H.R. 7008 aims to respond to that skepticism by taking a more categorical approach: dramatically limiting what covered officials can buy, rather than relying solely on after-the-fact enforcement of insider trading laws. Adding prediction markets into the mix broadens that response from the world of traditional equities to the growing ecosystem of speculative platforms that sit at the intersection of finance, technology, and politics.

If enacted with robust enforcement mechanisms, such a ban could make it significantly harder for lawmakers to profit directly from market-sensitive knowledge acquired through their official duties. It would not eliminate every perceived conflict of interest-lobbying, revolving-door employment, and campaign contributions would still raise questions-but it would close off some of the most visible channels for financial speculation tied to policy choices.

Partisan Dynamics and Prospects for Passage

Steil’s position as chair of the House Administration Committee gives him influence over how ethics and transparency rules are drafted and advanced. However, the future of H.R. 7008 will ultimately depend on broader bipartisan negotiations. Some lawmakers have expressed concerns that overly rigid bans could discourage qualified people from running for office or unfairly penalize spouses with independent careers and investments.

Others counter that blind trusts, diversified funds, and similar tools already provide ways to separate personal financial decisions from official duties. From that perspective, extending the restrictions to prediction markets is a logical next step rather than a radical leap.

Prediction markets themselves may also become a political flashpoint. To some members, they represent a form of regulated financial innovation that should not be demonized. To others, wagering on elections looks uncomfortably like a legal veneer over gambling on democracy’s outcomes-an activity public officials should categorically avoid.

What Comes Next for Prediction Markets and Congress

As Steil and his colleagues work new language into the stock trading bill, prediction market operators will be watching closely.

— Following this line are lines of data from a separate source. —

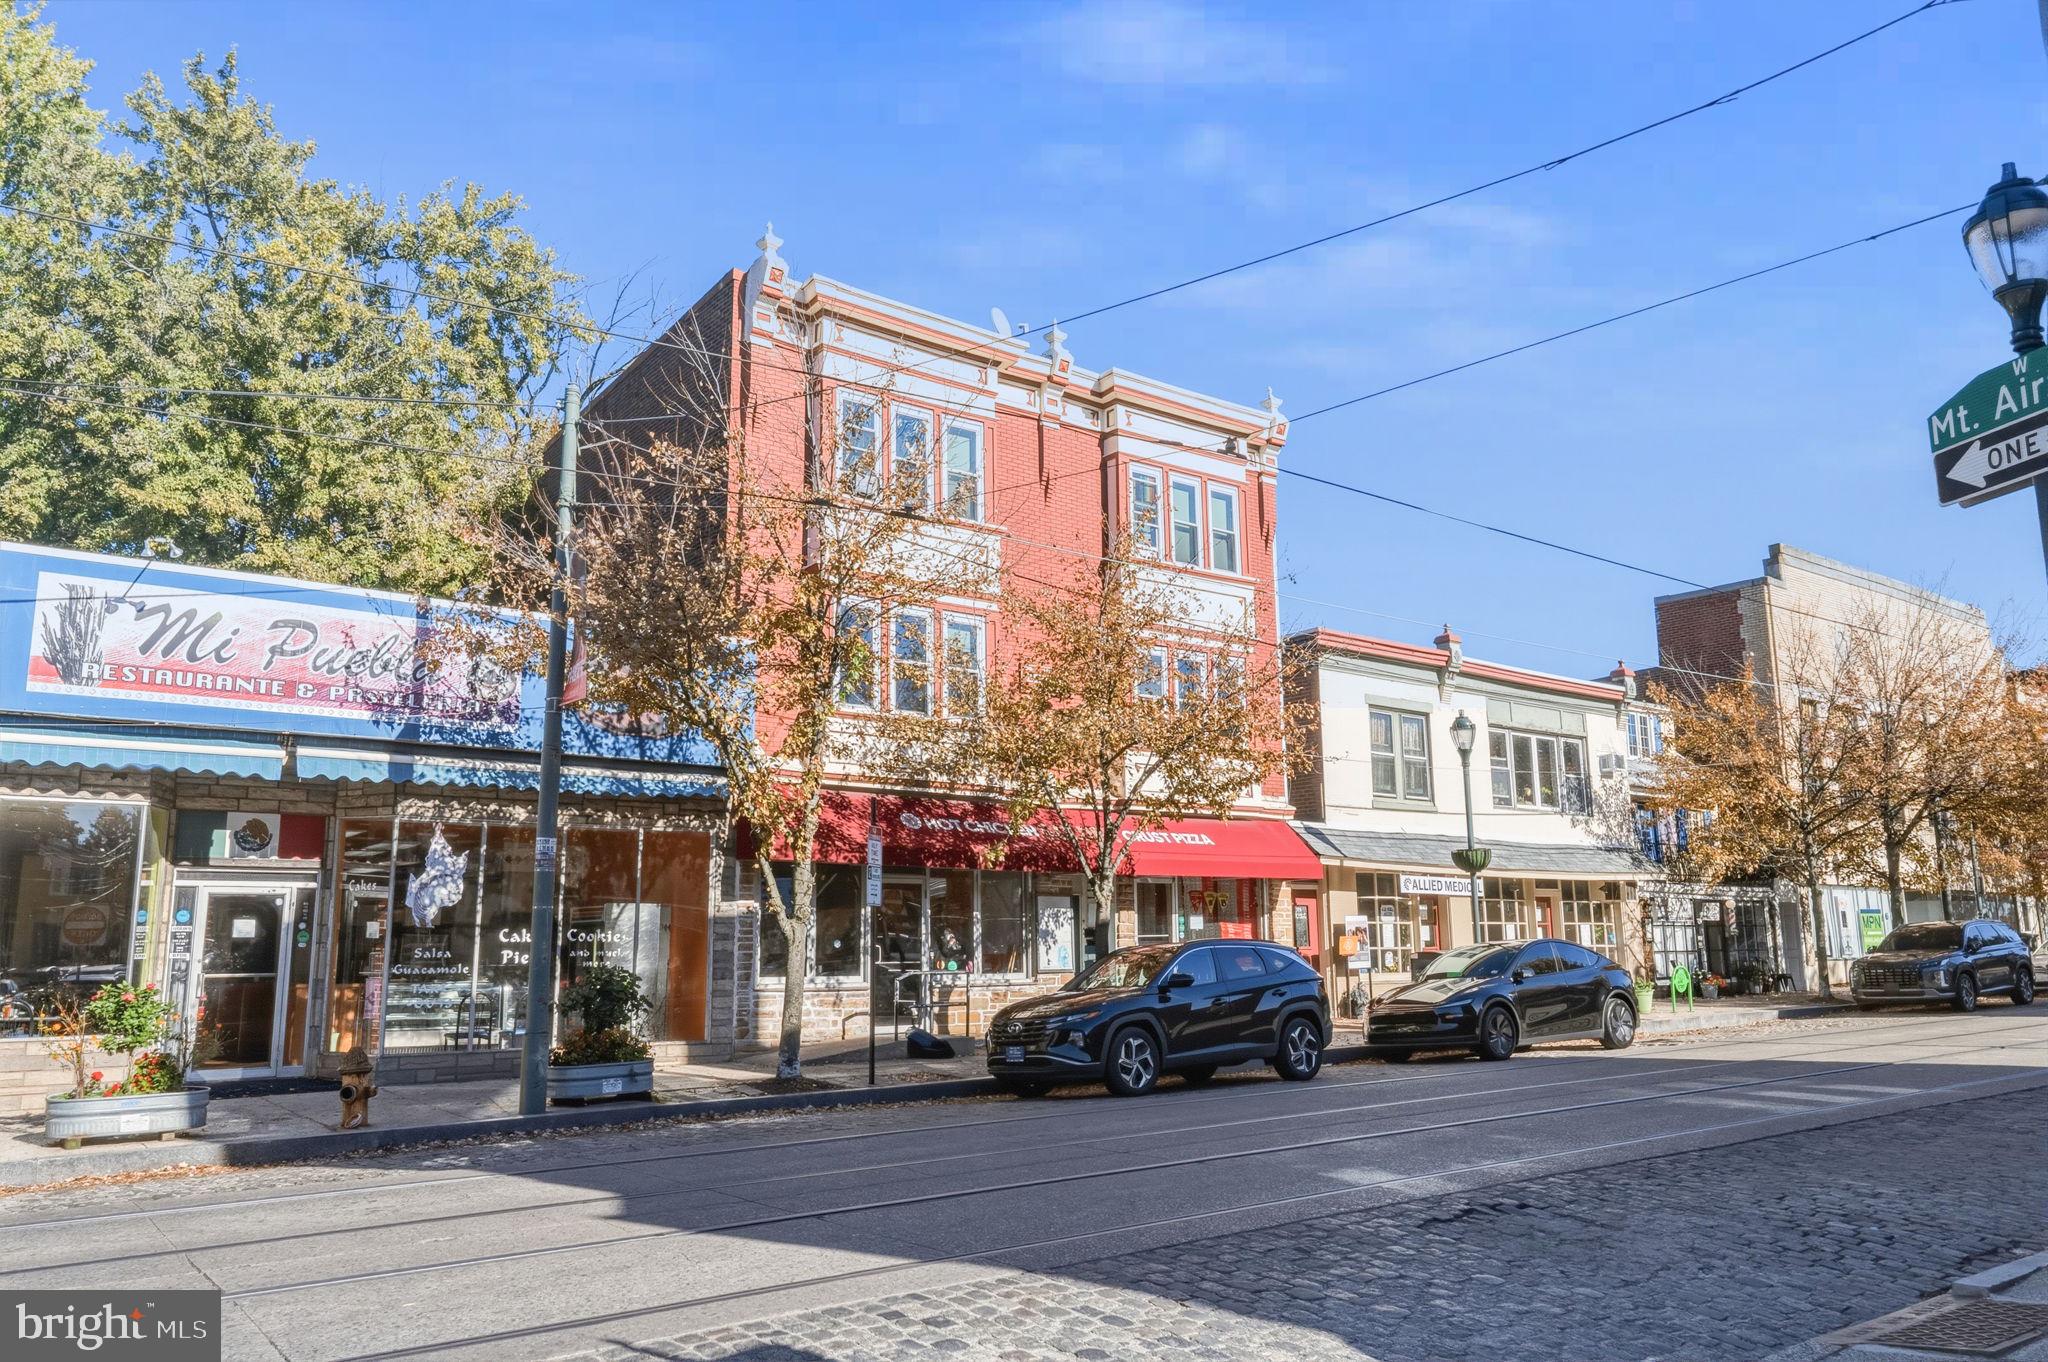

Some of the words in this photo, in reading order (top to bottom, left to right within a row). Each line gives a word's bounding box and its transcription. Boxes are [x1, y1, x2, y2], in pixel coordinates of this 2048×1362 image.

[2012, 356, 2028, 376] W
[1931, 405, 1979, 446] Mt.
[1994, 377, 2048, 421] Air
[1987, 432, 2041, 470] ONE
[137, 602, 240, 665] Mi
[82, 662, 286, 698] RESTAURANTE
[297, 682, 318, 699] &
[923, 817, 962, 832] HOT
[1170, 832, 1216, 846] PIZZA
[348, 879, 377, 892] Cakes
[1412, 878, 1443, 892] ALLIED
[1444, 880, 1483, 894] MEDICL
[499, 928, 532, 943] Cak
[414, 947, 452, 959] Salsa
[393, 963, 470, 975] Guacamole
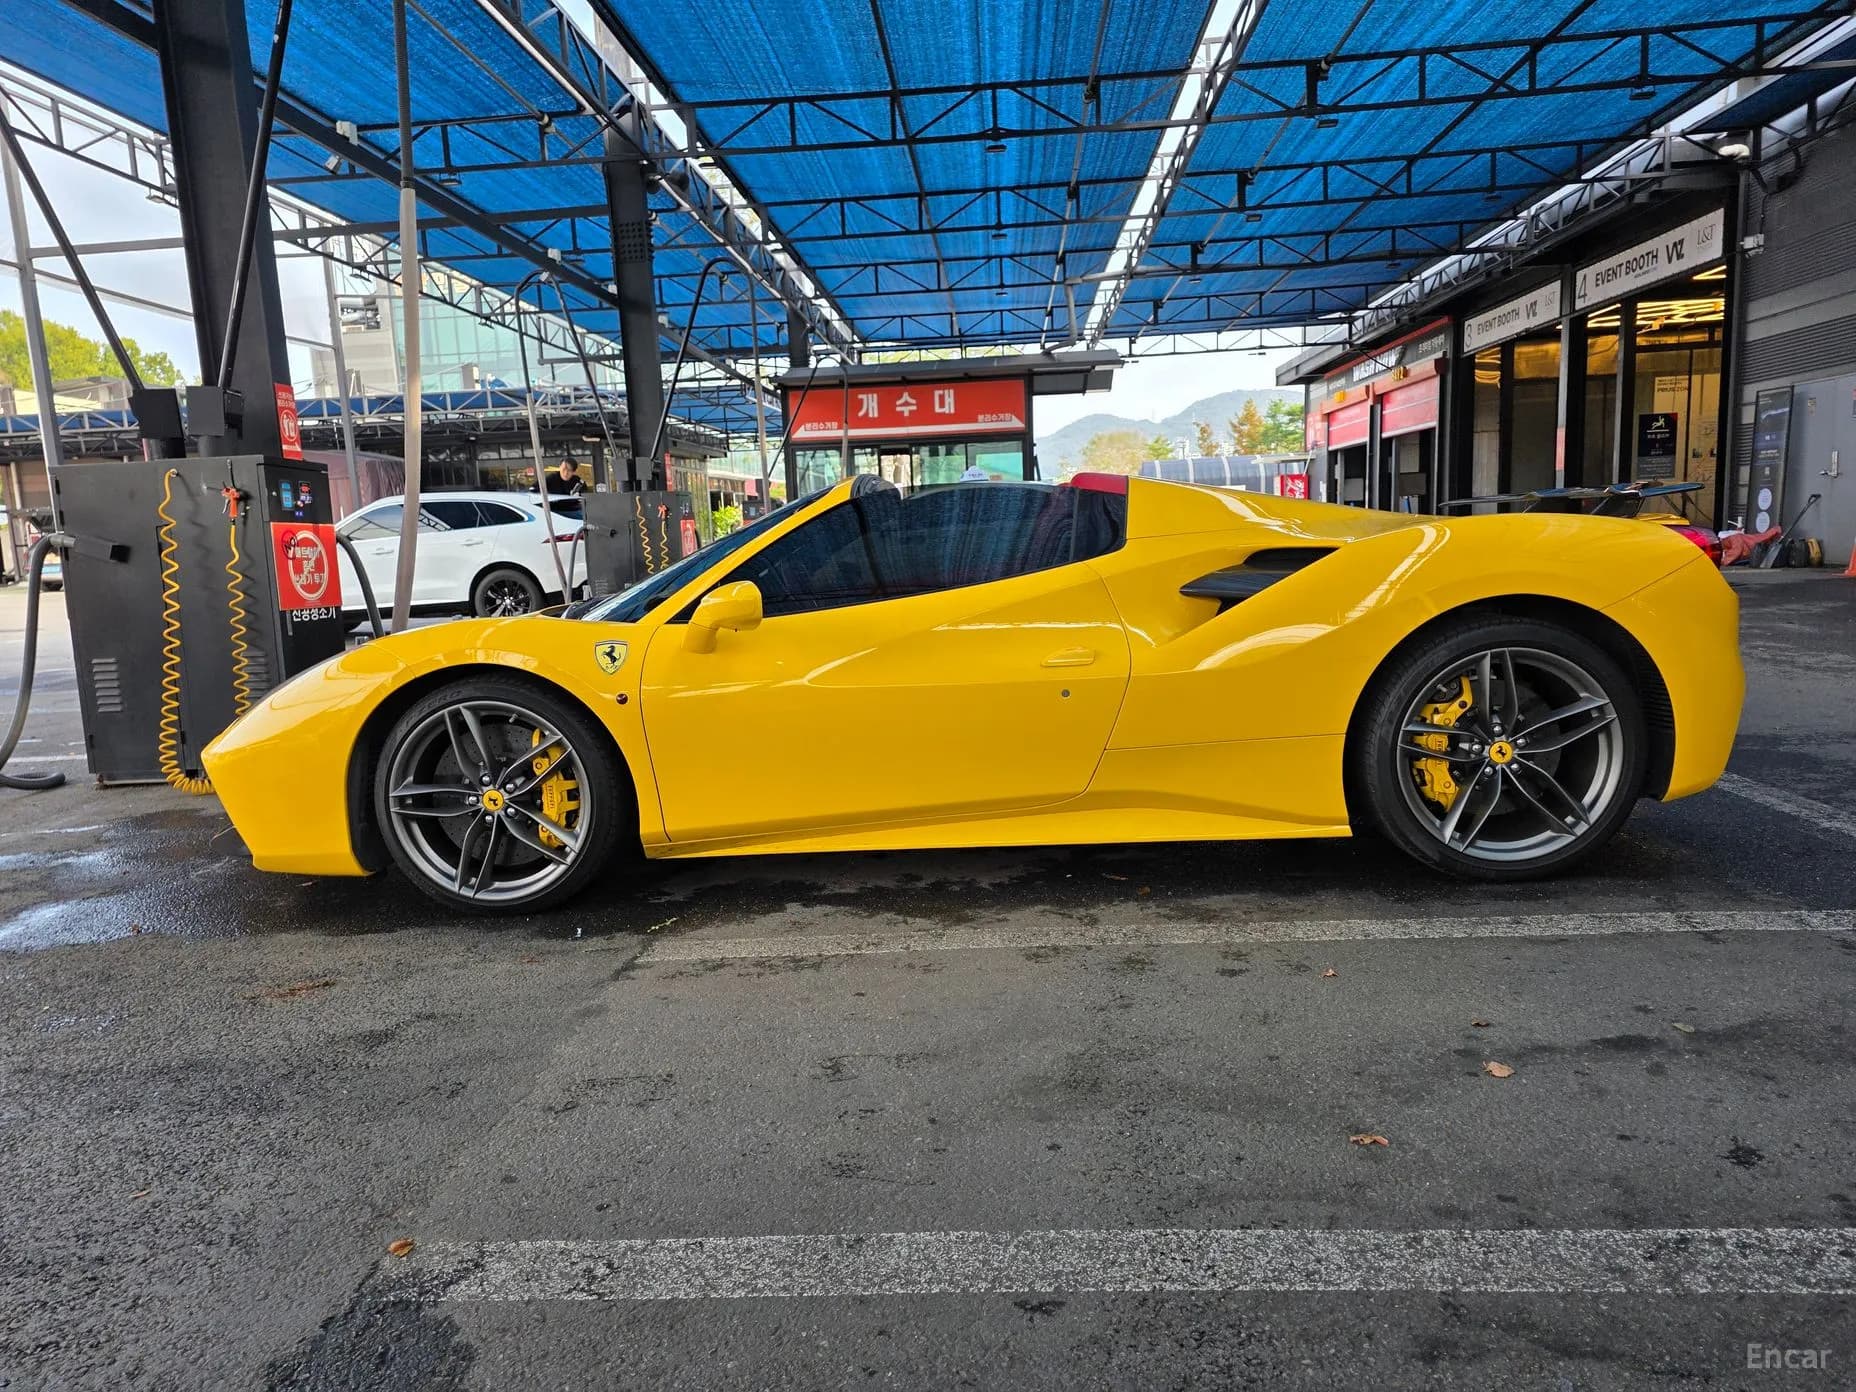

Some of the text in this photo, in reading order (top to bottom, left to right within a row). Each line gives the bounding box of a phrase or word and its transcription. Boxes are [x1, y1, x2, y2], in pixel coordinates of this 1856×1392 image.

[1577, 273, 1588, 304] 4
[1595, 263, 1624, 288] EVENT
[1625, 248, 1659, 277] BOOTH
[1465, 323, 1472, 348] 3
[1477, 316, 1497, 336] EVENT
[1497, 307, 1520, 328] BOOTH
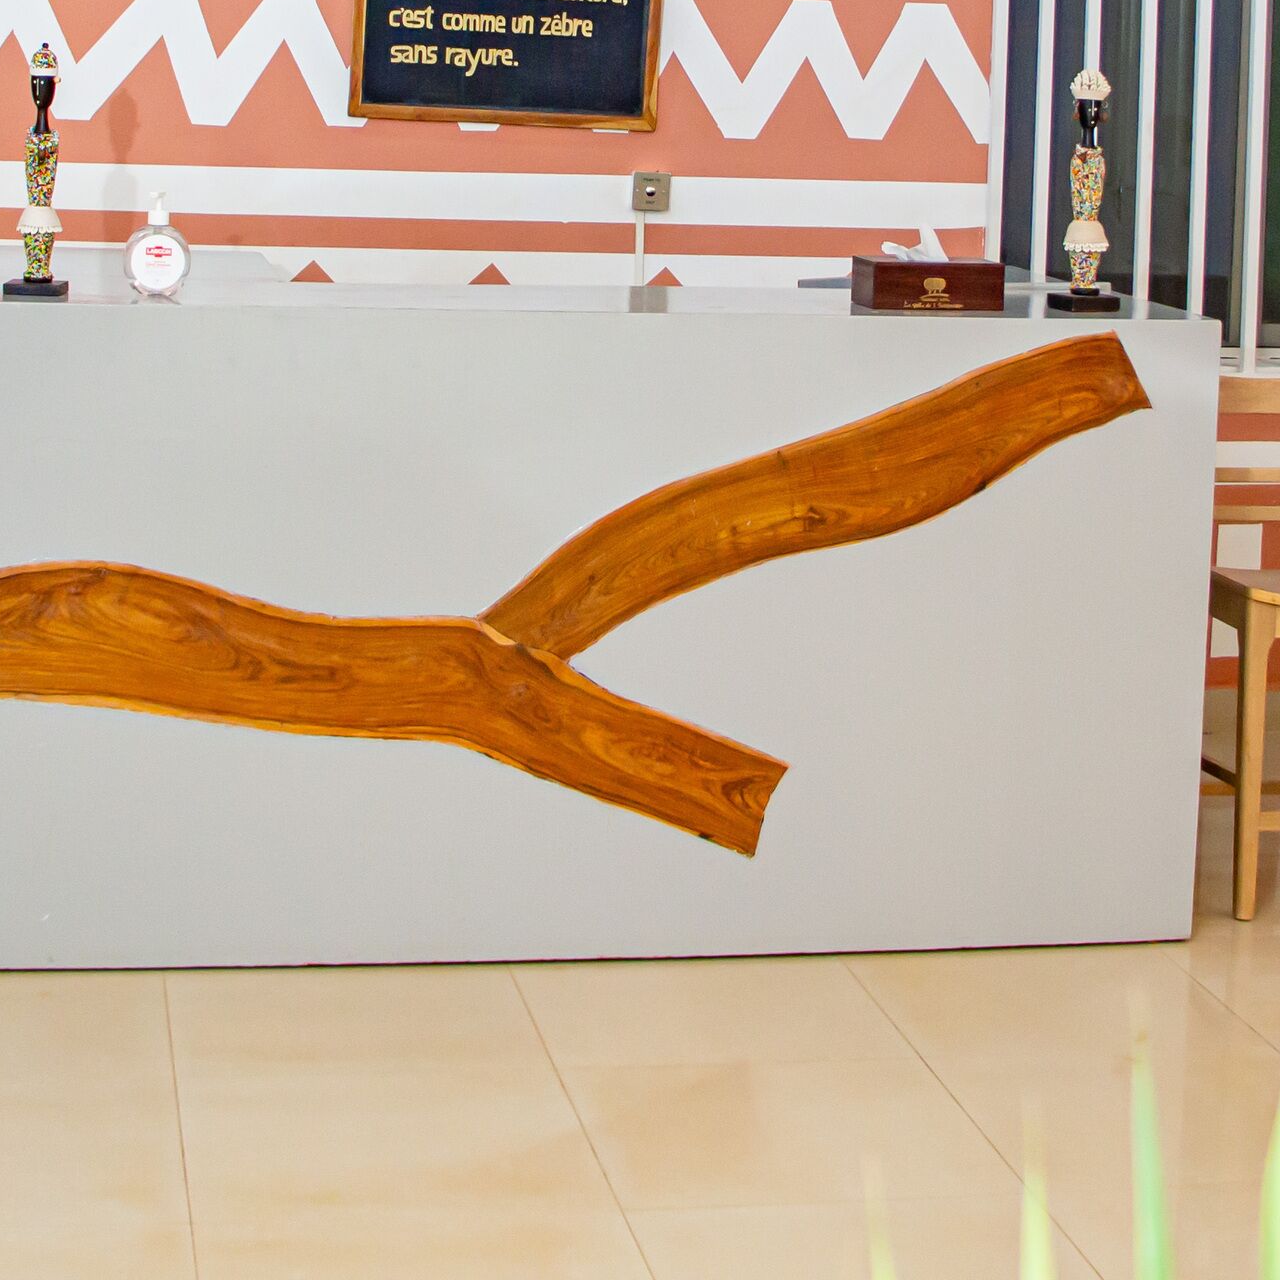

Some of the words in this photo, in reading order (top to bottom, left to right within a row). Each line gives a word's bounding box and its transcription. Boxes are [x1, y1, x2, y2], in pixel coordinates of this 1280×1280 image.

[388, 5, 435, 30] c'est
[441, 11, 507, 34] comme
[511, 14, 535, 35] un
[389, 43, 439, 65] sans
[444, 45, 519, 77] rayure.

Explicit restrictions on congressional participation would not necessarily harm their overall business, since politicians are a tiny fraction of their user base. But the debate could reshape how regulators classify and oversee such platforms, especially where they intersect with digital assets and derivatives law.

For lawmakers, the emerging consensus appears to be that the safest course is simple: they should not bet, in any form, on the elections they run in, the policy battles they wage, or the government decisions they influence. By extending the stock trading ban to cover political prediction markets, Congress is inching toward a more comprehensive, technology-neutral standard of ethical conduct-one intended to reassure voters that legislative decisions are not being made with a trader’s ledger in mind.